Но каковы бы ни были хозяева и гости, все же столичные салоны были единственными точками, где шла жизнь, в отличие от "подмороженной" николаевской России. В этом и заключалось отличие салонов от светской гостиной, где жизни как раз и не было, а было лишь пустое времяпрепровождение, дополнявшееся умением завести полезное знакомство и найти выгодную пару. Салоны были довольно многочисленными, и каждый, кто хотел жить, а не просто существовать, мог выбрать себе салон по вкусу: ведь общество было не слишком обширным ("узок круг" был не только революционеров, а вообще сколько-нибудь думающих людей). Обычно в светских гостиных назначались "дни", когда собиралось большое общество, но в наиболее привлекательных салонах это было не нужно. У Карамзиных "гости собирались каждый вечер. В будни бывало человек восемь, десять, пятнадцать. По воскресеньям собрания бывали гораздо многолюднее: собиралось человек до шестидесяти. Обстановка приема была очень скромная и неизменно одна и та же. Гостиная освещалась яркой лампой, стоявшей на столе, и двумя стенными кэнкетами на противоположных стенах комнаты; угощение состояло из очень крепкого чая, с очень густыми сливками, и хлеба с очень свежим маслом, из которых София Николаевна умела делать необычайно тонкие тартинки, и все гости находили, что ничего не могло быть вкуснее чая, сливок и тартинок карамзинского салона" (183; 73).
Несколько слов о петербургских салонах, в том числе о салоне Карамзиных, написал граф В. А. Соллогуб: "Самой оживленной, самой "эклектической", чтобы выразиться модным словом, петербургской гостиной, была гостиная Елисаветы Михайловны Хитрово, урожденной Кутузовой… Она никогда не была красавицей, но имела сонмище поклонников, хотя молва никогда и никого не могла назвать избранником, что в те времена была большая редкость. Елисавета Михайловна даже не отличалась особенным умом, но обладала в высшей степени светскостью, приветливостью самой изысканной и той особенной всепрощающей добротой, которая только и встречается в настоящих больших барынях. В ее салоне кроме представителей большого света ежедневно можно было встретить Жуковского, Пушкина, Гоголя, Нелединского-Мелецкого и двух-трех тогдашних модных литераторов ‹…›. Самой остроумной и ученой гостиной в Петербурге была, разумеется, гостиная г-жи Карамзиной, вдовы известного историка; здесь уже царствовал элемент чисто литературный, хотя и бывало также много людей светских. Все, что было известного и талантливого в столице, каждый вечер собиралось у Карамзиных: приемы отличались самой радушной простотой; дамы приезжали в простых платьях, на мужчинах фраки были цветные, и то потому, что другой одежды тогда не носили. Но, несмотря на это, приемы эти носили отпечаток самого тонкого вкуса, самой высокой добропорядочности. Совсем иными являлись приемы князя Петра Вяземского, тоже тогда модного стихотворца, которые, несмотря на аристократичность самого хозяина, представлялись чем-то вроде толкучего рынка… У добрейшего и сердечного Одоевского также часто собирались по вечерам; но эти приемы опять имели другой отпечаток" (166; 437–441).

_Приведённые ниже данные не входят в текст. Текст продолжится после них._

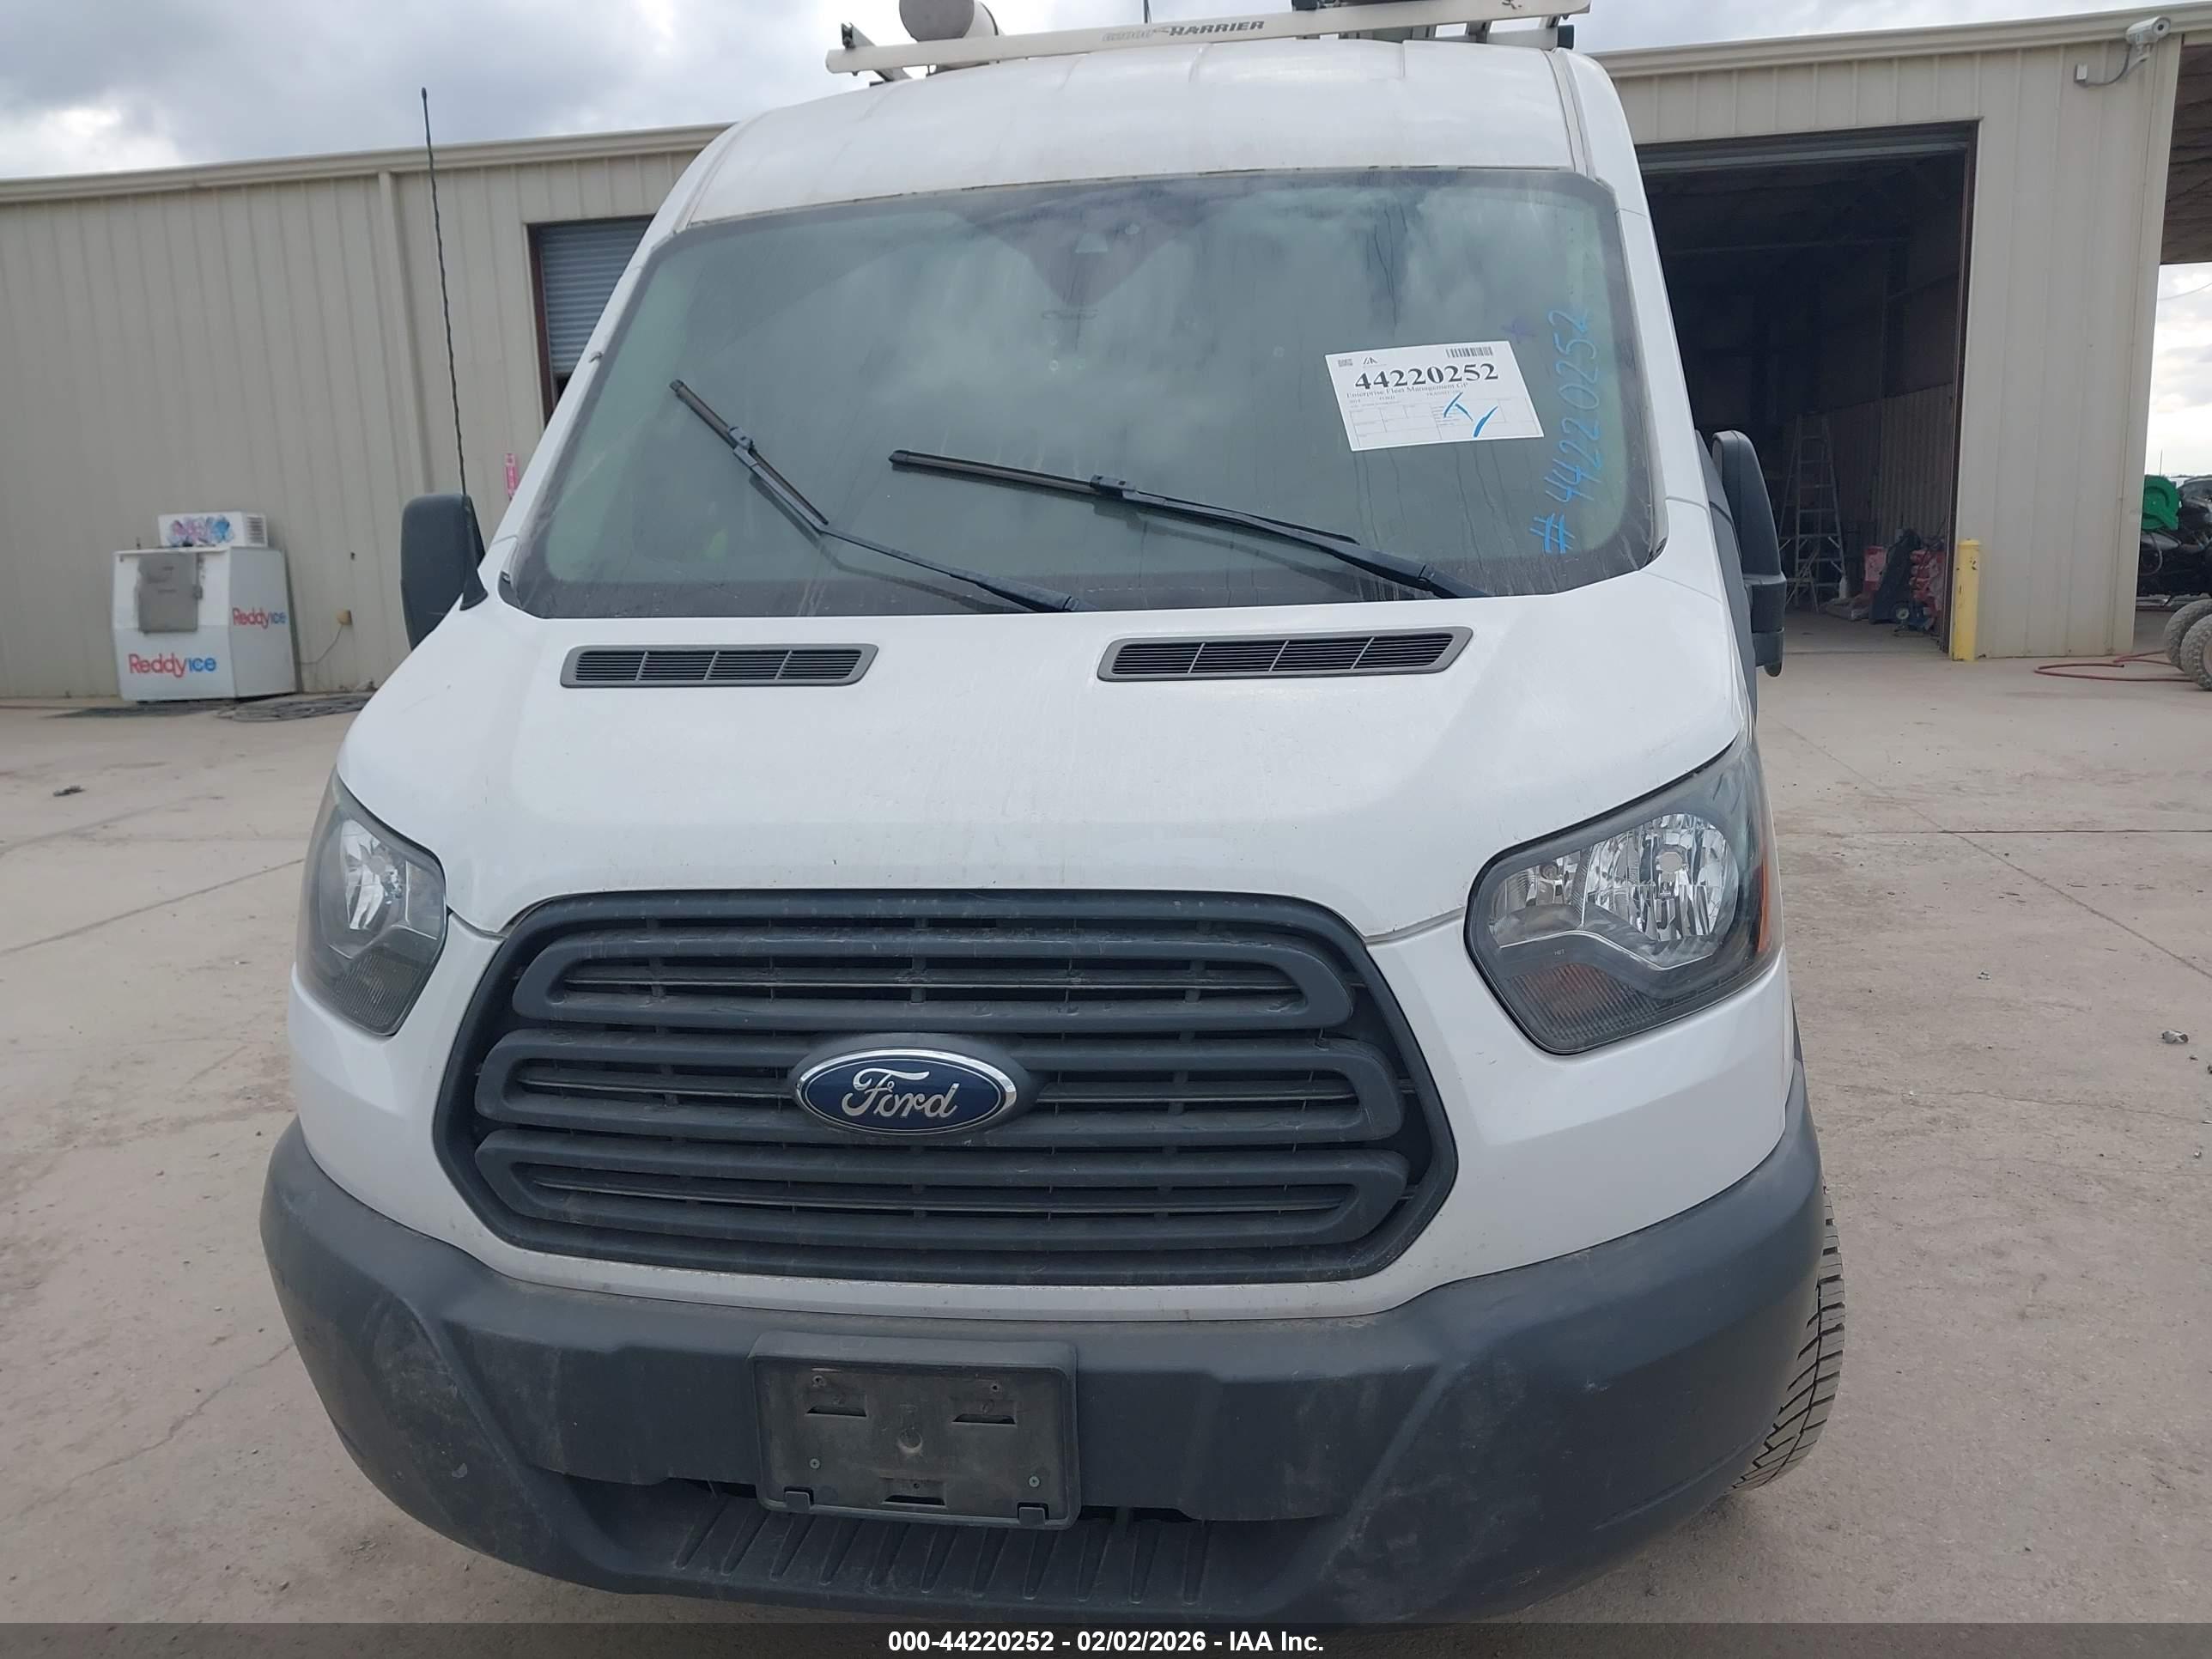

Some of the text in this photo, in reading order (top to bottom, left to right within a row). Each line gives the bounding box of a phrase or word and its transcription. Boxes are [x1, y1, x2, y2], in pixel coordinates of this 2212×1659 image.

[1169, 20, 1265, 37] HARRIER
[1355, 362, 1499, 390] 44220252
[841, 1067, 960, 1118] Ford
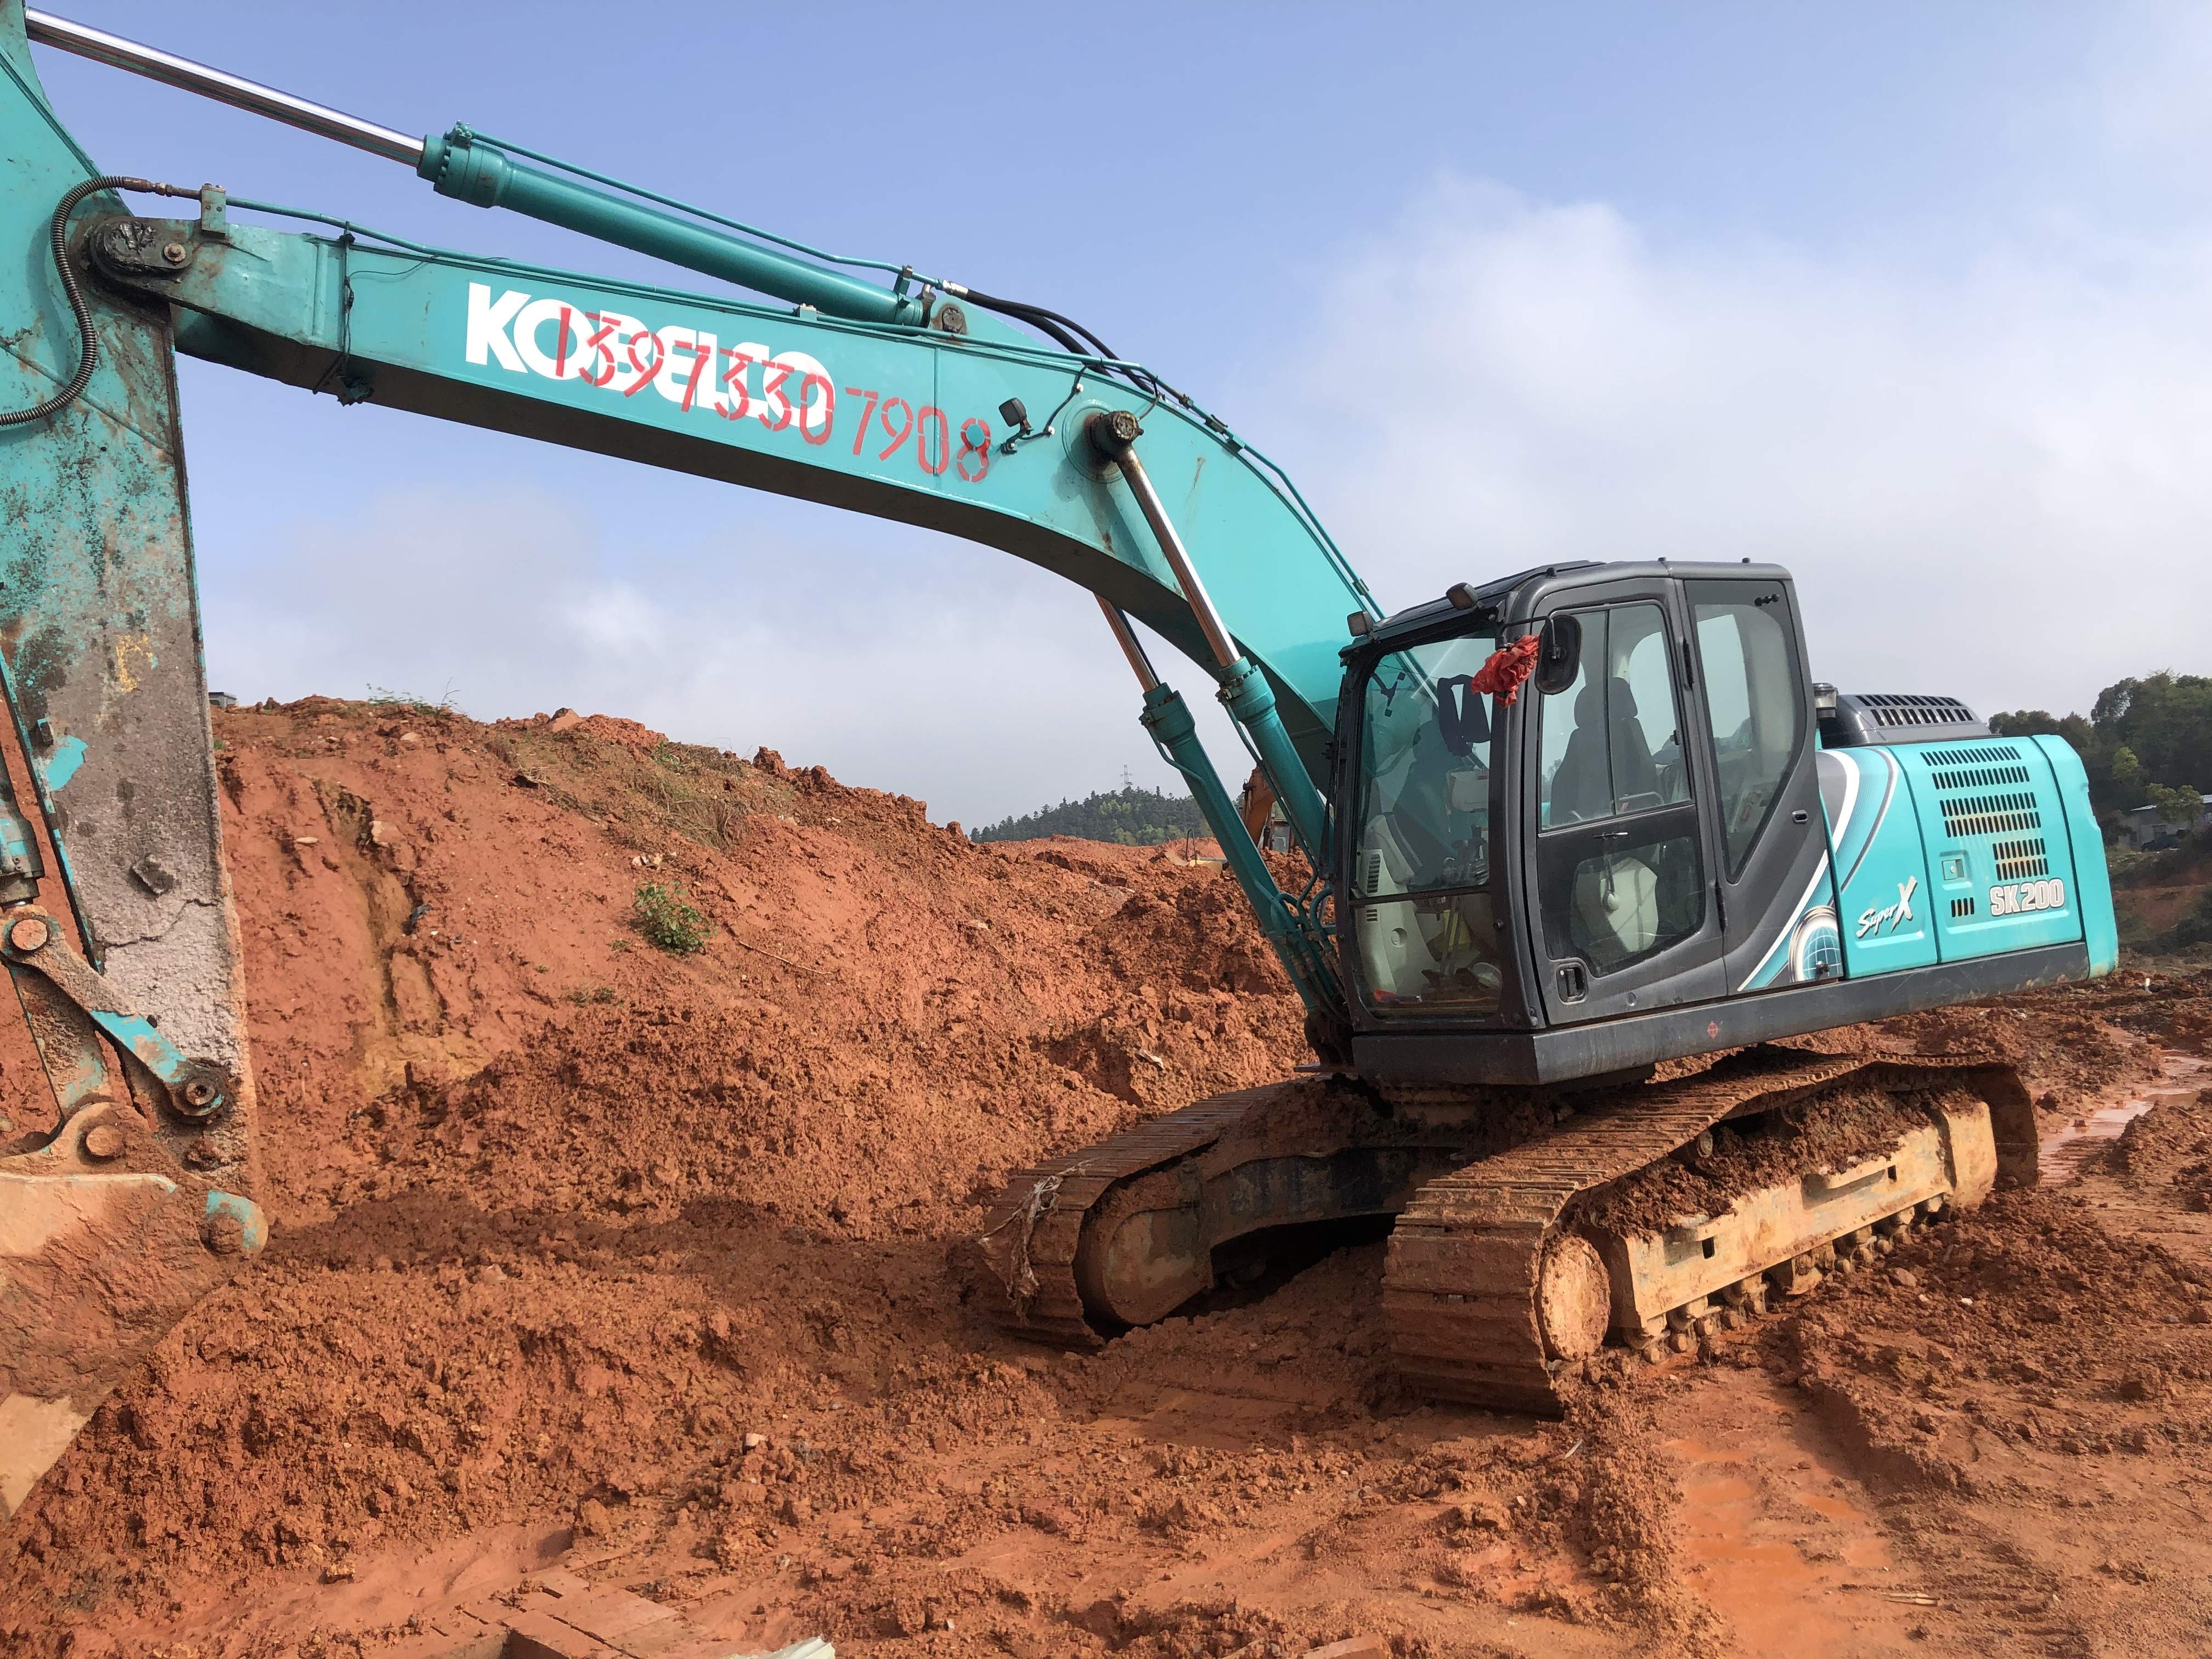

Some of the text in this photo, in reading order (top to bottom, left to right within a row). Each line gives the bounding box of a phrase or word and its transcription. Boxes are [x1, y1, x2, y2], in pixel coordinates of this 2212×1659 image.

Не преминул упомянуть он и о собственной гостиной, а также гостиной его тестя, графа М. Ю. Виельгорского: "В их доме приемы разделялись на две совершенно по себе различные стороны. Приемы графини Луизы Карловны отличались самой изысканной светскостью и соединяли в ее роскошных покоях цвет придворного и большого света; у графа же Михаила Юрьевича раза два, три в неделю собирались не только известные писатели, музыканты и живописцы, но также и актеры, и начинающие карьеру газетчики (что в те времена было нелегкой задачей), и даже просто всякого рода неизвестные людишки, которыми Виельгорский, как истый барин, никогда не брезгал. Все эти господа приходили на собственный Виельгорского подъезд… и графиня Виельгорская не только не знала об их присутствии в ее доме, но даже не ведала о существовании многих из них. Часто Виельгорский на короткое время покидал своих гостей, уезжал во дворец или на какой-нибудь прием одного из посланников или министров, но скоро возвращался, снимал свой мундир, звезды, с особенным удовольствием облекался в бархатный, довольно потертый сюртук и принимался играть на биллиарде с каким-нибудь затрапезным Самсоновым. ‹…› Я уже сказал выше, что у меня по вечерам собирались самые разнородные гости; в комнате, находившейся за моим кабинетом и прозванной мною "зверинцем", так как в ней помещались люди, не решавшиеся не только сидеть в гостиной, но даже входить в мой кабинет, куда, однако, дамы редко заглядывали, в этой комнате часто можно было видеть сидящих рядом на низеньком диванчике председателя Государственного совета графа Блудова и г. Сахарова, одного из умнейших и ученейших в России людей, но постоянно летом и зимой облаченного в длиннополый сюртук горохового цвета с небрежно повязанным на шее галстухом, что для модных гостиных являлось не совсем удобным… У меня в то время собирались все тузы русской литературы. Я уже называл Тютчева, Вяземского и Гоголя; кроме них, часто посещали меня добрейший и всеми любимый князь Одоевский, Некрасов, Панаев… Бенедиктов, Писемский. Изредка в "зверинце" появлялась высокая фигура молодого Тургенева; сухопарый и юркий Григорович был у нас в доме как свой, также и Болеслав Маркевич. Один, всего один раз мне удалось затащить к себе Достоевского… Просидев у него минут двадцать, я поднялся и пригласил его поехать ко мне запросто пообедать.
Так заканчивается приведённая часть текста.